Aceptamos la contaminación del aire en las grandes ciudades como una
plaga bíblica inevitable a la que nos hemos acostumbrado. Hace poco
tiempo la alarma por el cambio climático se puso de moda, pero las modas
pasan, cada vez más deprisa y se olvidan. Para eso tenemos a Greta, que
tanto nos consuela cada vez que la vemos en televisión con sus
diatribas catastrofistas.
La última actuación de Greta en el Foro Económico Mundial de Davos
volvió a ser impactante, aunque menos radical que las anteriores. Los
asistentes tomaron conciencia del problema y nos dijeron que situaban el
clima y sus cambios entre las primeras preocupaciones de los ricos del
planeta.
Algo de dudosa credibilidad si pensamos en los 36.000 millones
de toneladas métricas de dióxido de carbono que los humanos emitimos
cada año al aire, 36 Gigatones (Gt), una cantidad que debería de
encontrarse como máximo en los 14 Gt. El reto de la humanidad es brutal.
Mejor ni pensarlo.
Mucho más asequible mentalmente preocuparnos por un virus culpable de
sí mismo. Nos permite hacer patria. Los ucranianos piensan que han sido
los rusos, los chinos que el bicho es americano, los americanos que
estamos ante un virus que se ha escapado de los laboratorios de armas
químicas de China.
Los europeos no saben, no contestan porque son de
opinión cambiante, diversa y hasta compatiblemente contradictoria. Los
españoles tenemos todas las opiniones y, en mi caso, hasta dos o tres
simultáneamente.
Las reducciones de emisiones contaminantes en países líderes como
Estados Unidos, Canadá, o Australia, son reales, pero pasando de 20
toneladas por persona a unas 15, desde principios de este siglo. En
Europa el esfuerzo ha sido mayor, pasado de 10 a 5 toneladas, en los
últimos 10 años.
Aún así, el doble del nivel que sería deseable. Pero,
lógicamente, los países llamados emergentes, aumentan sus emisiones a
medida que crecen sus economías.
Tenemos dos soluciones compatibles y complementarias, mejorar la
eficiencia energética y aumentar la intensidad de energía sostenible.

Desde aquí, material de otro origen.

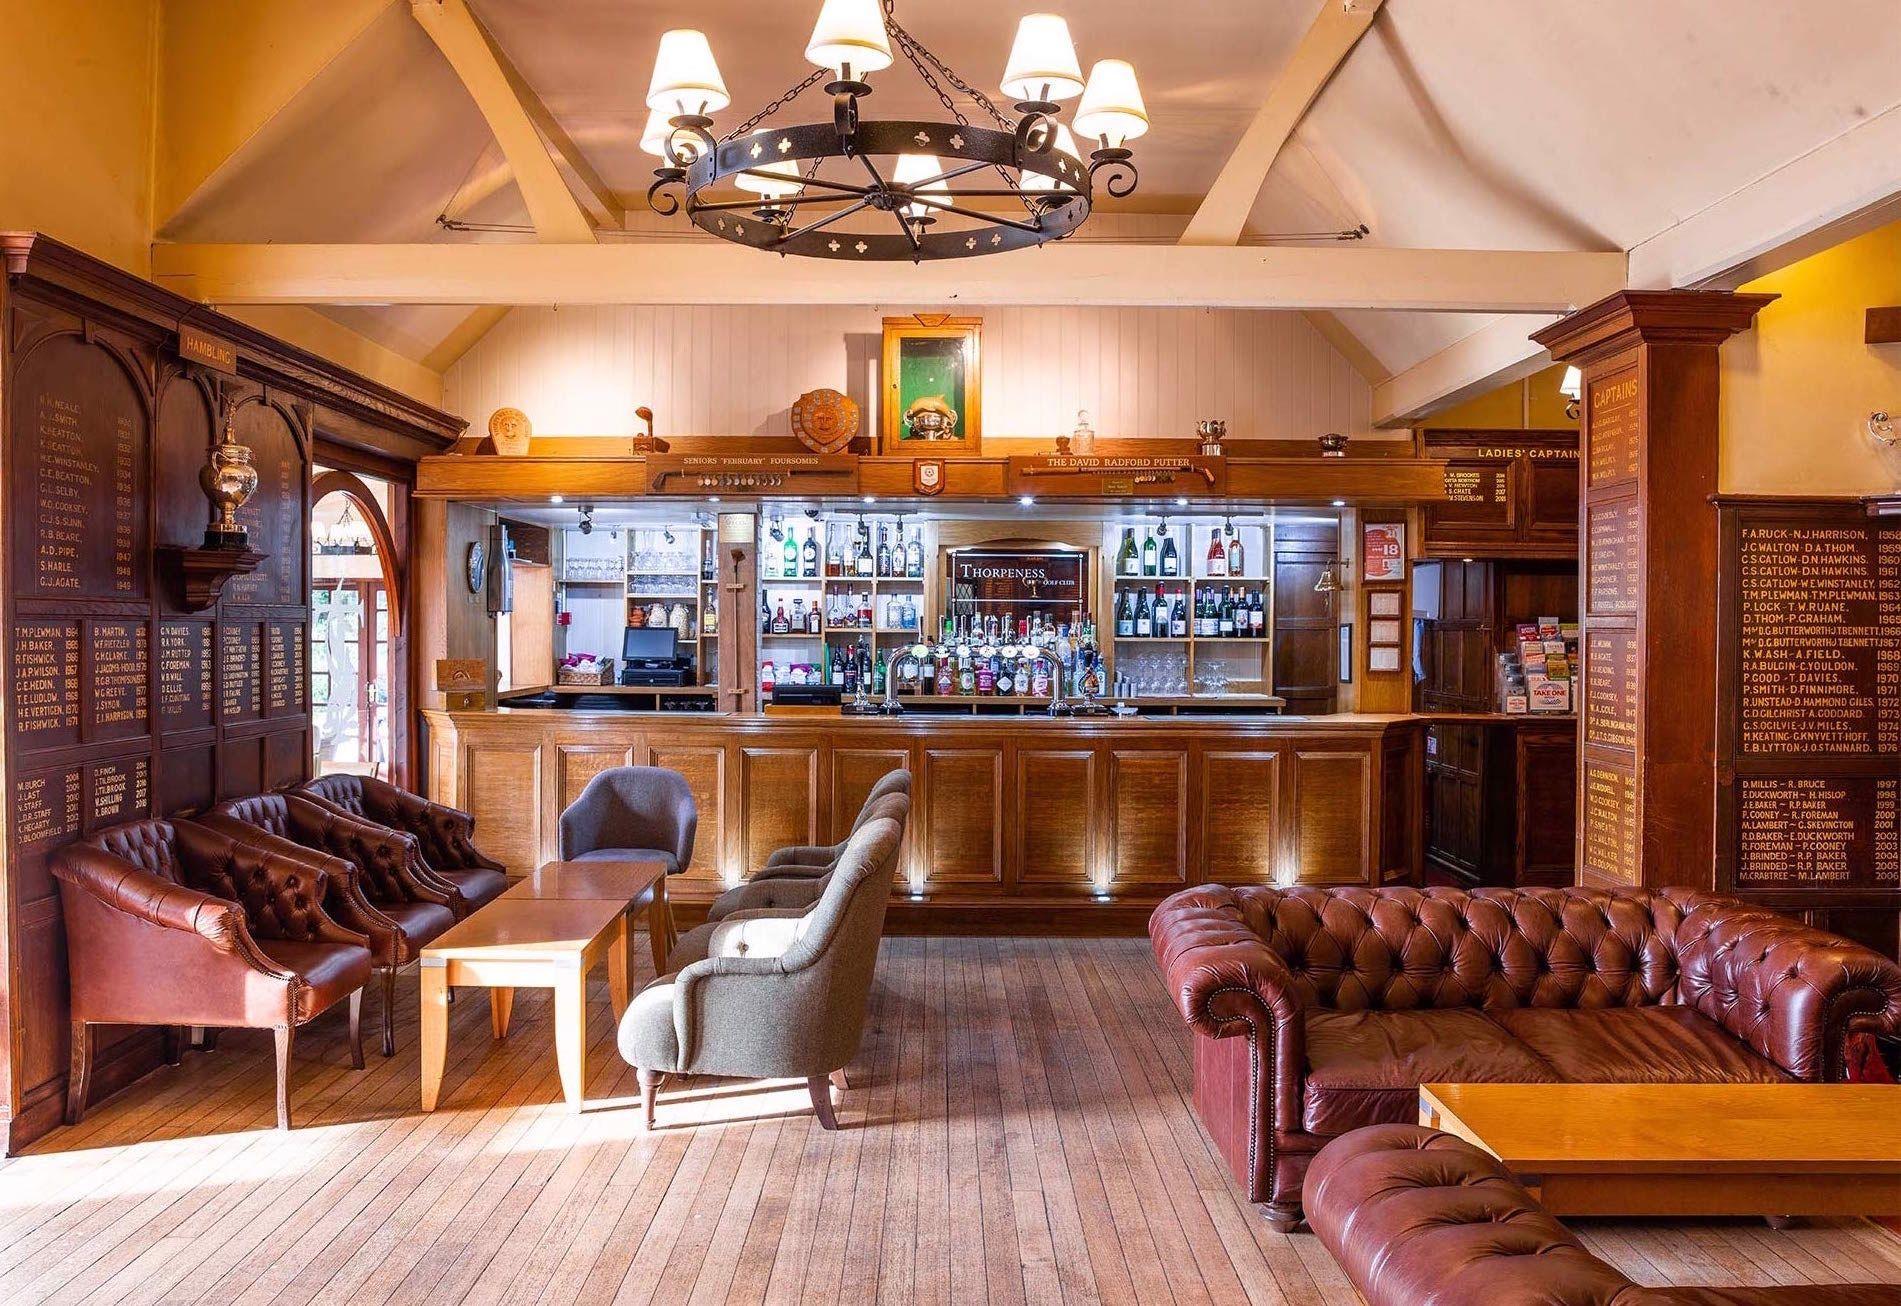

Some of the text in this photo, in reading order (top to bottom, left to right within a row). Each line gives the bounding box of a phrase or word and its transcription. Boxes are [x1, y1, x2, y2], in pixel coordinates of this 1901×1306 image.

[187, 336, 231, 364] HAMBLING
[1594, 379, 1638, 409] CAPTAINS
[1478, 449, 1526, 458] LADIES'
[683, 457, 819, 465] SENIORS "FEBRUARY" FOURSOMES
[1048, 458, 1190, 467] THE DAVID RADFORD PUTTER
[1878, 530, 1901, 540] 1958
[1383, 544, 1398, 555] 18
[1878, 544, 1901, 553] 1959
[1878, 556, 1900, 564] 1960
[960, 564, 1045, 578] THORPENESS
[1878, 567, 1898, 576] 1961
[1878, 580, 1900, 588] 1962
[1879, 591, 1900, 600] 1963
[1879, 603, 1901, 612] 1964
[1879, 615, 1901, 624] 1965
[1881, 626, 1901, 636] 1966
[1881, 638, 1900, 647] 1967
[1877, 650, 1901, 661] 1968
[65, 665, 78, 675] 1967
[1877, 662, 1900, 672] 1969
[1877, 674, 1899, 683] 1970
[1877, 686, 1897, 695] 1971
[1878, 698, 1900, 707] 1972
[1878, 709, 1900, 718] 1973
[1878, 722, 1899, 731] 1974
[1878, 732, 1898, 741] 1975
[1878, 744, 1898, 752] 1976
[1877, 780, 1897, 789] 1997
[1877, 791, 1897, 799] 1998
[1877, 801, 1895, 809] 1999
[1875, 811, 1896, 819] 2000
[1874, 821, 1893, 830] 2001
[1875, 832, 1898, 841] 2002
[1875, 843, 1898, 851] 2003
[1875, 852, 1898, 860] 2004
[1875, 862, 1898, 870] 2005
[1876, 872, 1898, 880] 2006

Además, hoy el reto es más asumible que nunca.
Para generar electricidad
dependemos menos del carbón y del petróleo, las energías renovables han
abaratado su coste y los avances tecnológicos permiten hacer más
compatible la eficiencia económica y respeto al medio ambiente.
Al menos
en teoría.
No conviene ser optimistas, pero algo podría mejorar si somos capaces
de superar la avaricia empresarial y el egoísmo de los países ricos que
intentan preservar sus desigualdades con respecto a los pobres y que se
ven, a su vez, acosados por escenarios internos de mayor desigualdad
económica, menos sensación de seguridad, aumento de las brechas de
rentas, ascenso de los populismos.
Estaríamos en condiciones
inmejorables de abordar estrategias de desarrollo sostenible para el
conjunto de la población mundial, que permitieran ver la dimensión real
de los problemas y buscar las soluciones más adecuadas.

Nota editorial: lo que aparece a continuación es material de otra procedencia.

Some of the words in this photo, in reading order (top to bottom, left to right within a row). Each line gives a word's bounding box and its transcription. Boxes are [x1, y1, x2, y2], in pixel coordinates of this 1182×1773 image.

Lejos de ello, parece que existen demasiados intereses creados en que
el miedo se convierta en una sensación permanente, omnipresente y las
políticas en algo cada vez más confuso. Ya sea el coronavirus, o
contaminavirus, tenemos que saber qué problema tenemos y hacia dónde
vamos para solucionarlo.
El coronavirus consume mucho tiempo, dedicación, preocupaciones y miedo en los informativos, las tertulias, las charlas de café, las comidas familiares.